Reading Images
This third edition of the landmark textbook Reading Images builds on its reputation as the first systematic and comprehensive account of the grammar of visual design. Drawing on an enormous range of examples from childrens drawings to textbook illustrations, photo-journalism to fine art, as well as three-dimensional forms such as sculpture and toys, the authors examine the ways in which images communicate meaning.
Features of this fully updated third edition include:
new material on diagrams and data visualization
a new approach to the theory of modality
a discussion of how images and their uses have changed since the first edition
examples from a wide range of digital media including websites, social media, smartphone interfaces and computer games
ideas on the future of visual communication.
Reading Images presents a detailed outline of the grammar of visual design and provides the reader with an invaluable tool-kit for reading images in their contemporary multimodal settings. A must for students and scholars of communication, linguistics, design studies, media studies and the arts.

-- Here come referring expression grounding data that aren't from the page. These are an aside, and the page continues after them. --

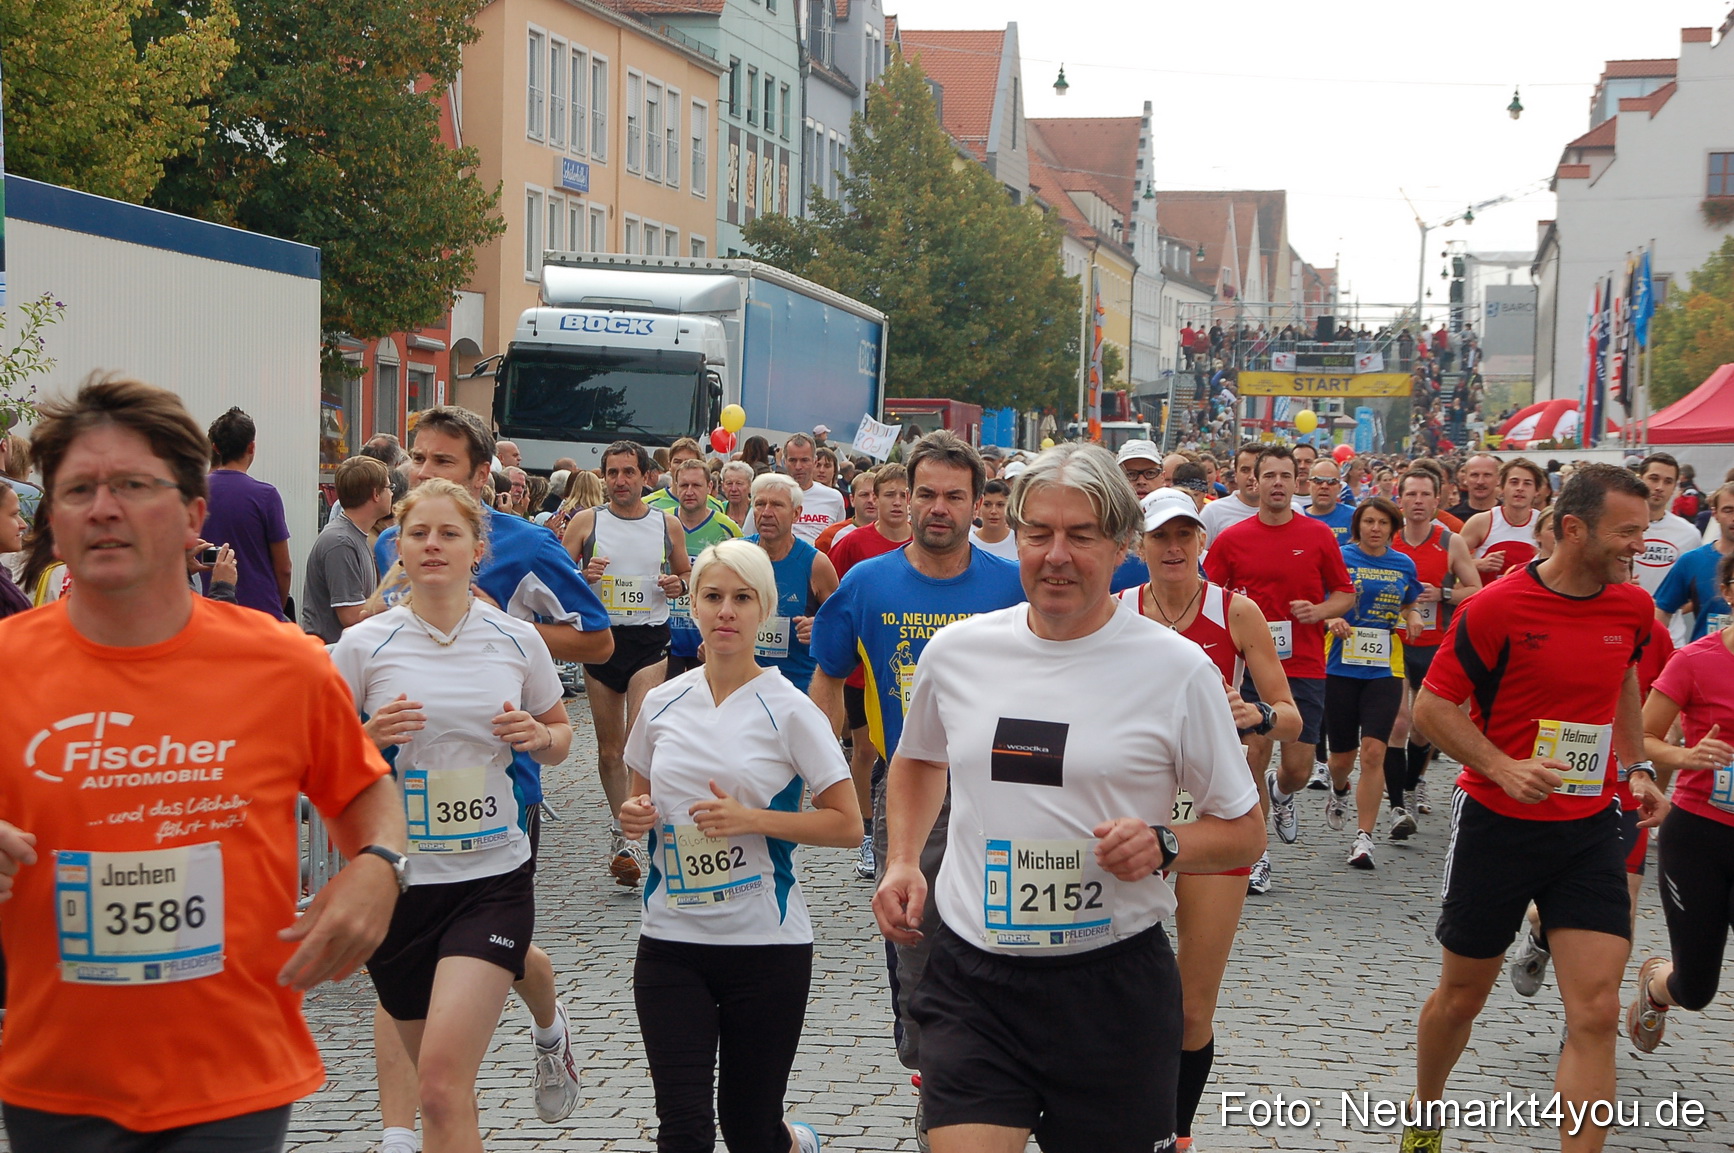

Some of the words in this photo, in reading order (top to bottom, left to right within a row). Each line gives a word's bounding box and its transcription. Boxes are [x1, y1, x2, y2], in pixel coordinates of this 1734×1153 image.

[560, 314, 655, 335] BOCK
[1293, 377, 1352, 392] START
[615, 578, 633, 587] Klaus
[620, 591, 644, 603] 159
[881, 612, 899, 625] 10.
[1361, 643, 1383, 654] 452
[1561, 728, 1598, 745] Helmut
[62, 735, 237, 772] Fischer
[1006, 744, 1049, 753] woodka
[1565, 751, 1599, 772] 380
[80, 767, 225, 790] AUTOMOBILE
[107, 804, 145, 825] und
[149, 800, 184, 816] das
[436, 796, 498, 824] 3863
[685, 845, 747, 877] 3862
[1018, 849, 1080, 870] Michael
[101, 862, 176, 886] Jochen
[990, 880, 997, 895] D
[1020, 881, 1103, 912] 2152
[67, 899, 76, 916] D
[105, 895, 206, 935] 3586
[489, 933, 515, 949] JAKO
[1065, 924, 1110, 940] PFLEIDERER
[1154, 1132, 1178, 1153] FILA

Gunther Kress was Professor of English and Head of the School of Culture, Language and Communication at the UCL Institute of Education, UK. His many ground-breaking publications include Language as Ideology (with Bob Hodge); Social Semiotics (with Bob Hodge); Early Spelling; Learning to Write; Multimodality: A Social Semiotic Approach to Contemporary Communication and Multimodality, Learning and Communication (with Jeff Bezemer).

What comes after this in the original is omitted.